Attenuation effects of seismic metamaterials based on local resonance and Rayleigh wave dispersion phenomena

Abstract

Locally resonant metamaterials have successfully addressed the challenges posed by Bragg scattering-type periodic structures in low-frequency applications, opening new avenues for the development of advanced seismic systems. However, the prevalent semi-embedded seismic metamaterials still face issues such as narrow attenuation band gaps and complex vibration modes. This paper introduces a novel type of seismic metamaterial (SM) composed of an external steel enclosure and an upper spiral beam resonator system. To avoid complex vibration modes, the upper structure is integrated into a single unit through a bottom steel plate, and its band gaps are calculated using dispersion analysis and acoustic cone methods to clarify the attenuation range of the seismic metamaterial.

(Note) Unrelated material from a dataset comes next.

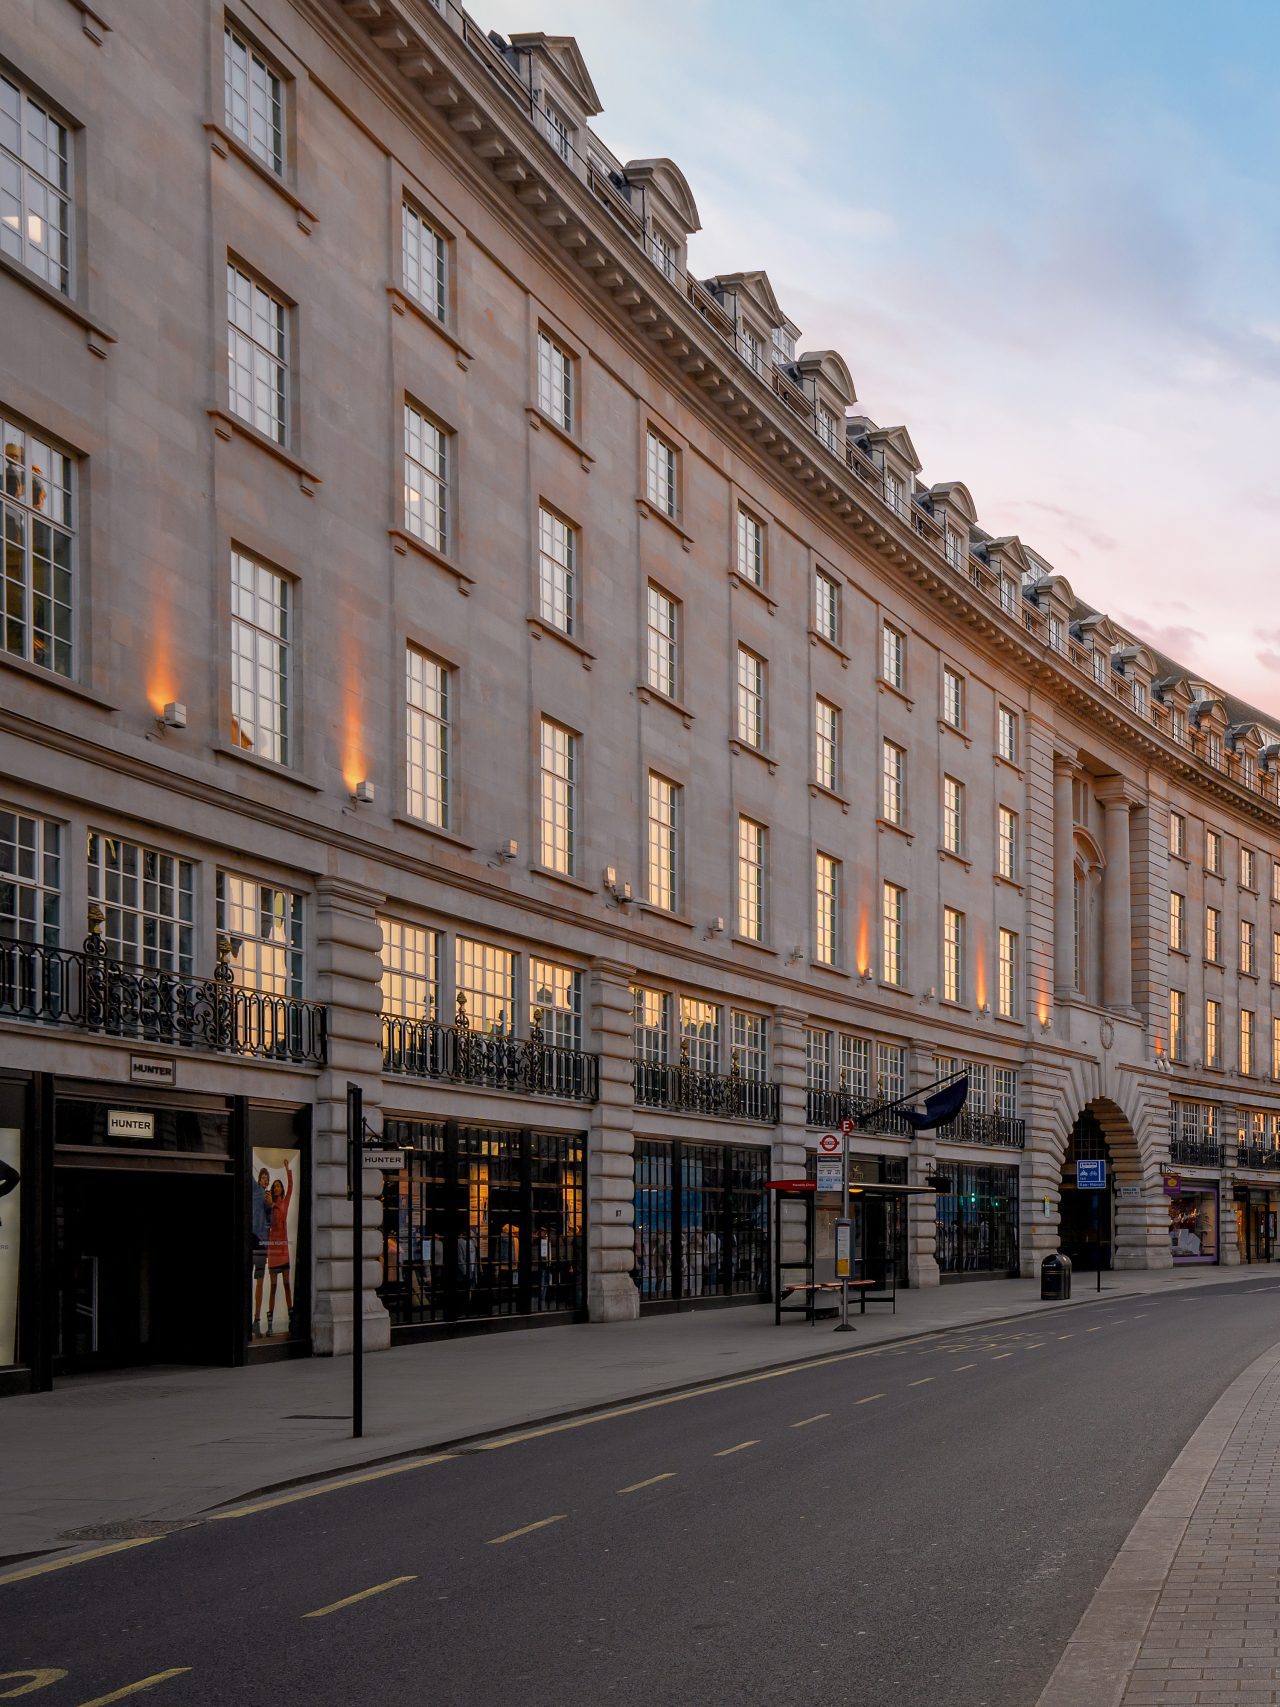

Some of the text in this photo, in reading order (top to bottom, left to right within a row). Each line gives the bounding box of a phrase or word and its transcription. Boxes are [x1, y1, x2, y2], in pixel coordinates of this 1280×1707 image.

By parameter design, the designed seismic metamaterial can achieve wideband seismic wave attenuation from 2.68 Hz to 16 .34Hz. Moreover, the seismic metamaterial still exhibits attenuation effects even in the absence of resonators. This attributed to Rayleigh wave dispersion in a double-layer medium, which induces inverse dispersion, transforming Rayleigh waves into body waves and further enhancing the damping effect. Finally, time-domain analysis elucidated the dynamic response of the seismic metamaterial, substantiating the validity of the study. We hope this research can promote the engineering application of common building materials in the shielding of seismic waves at deep sub-wavelength frequencies.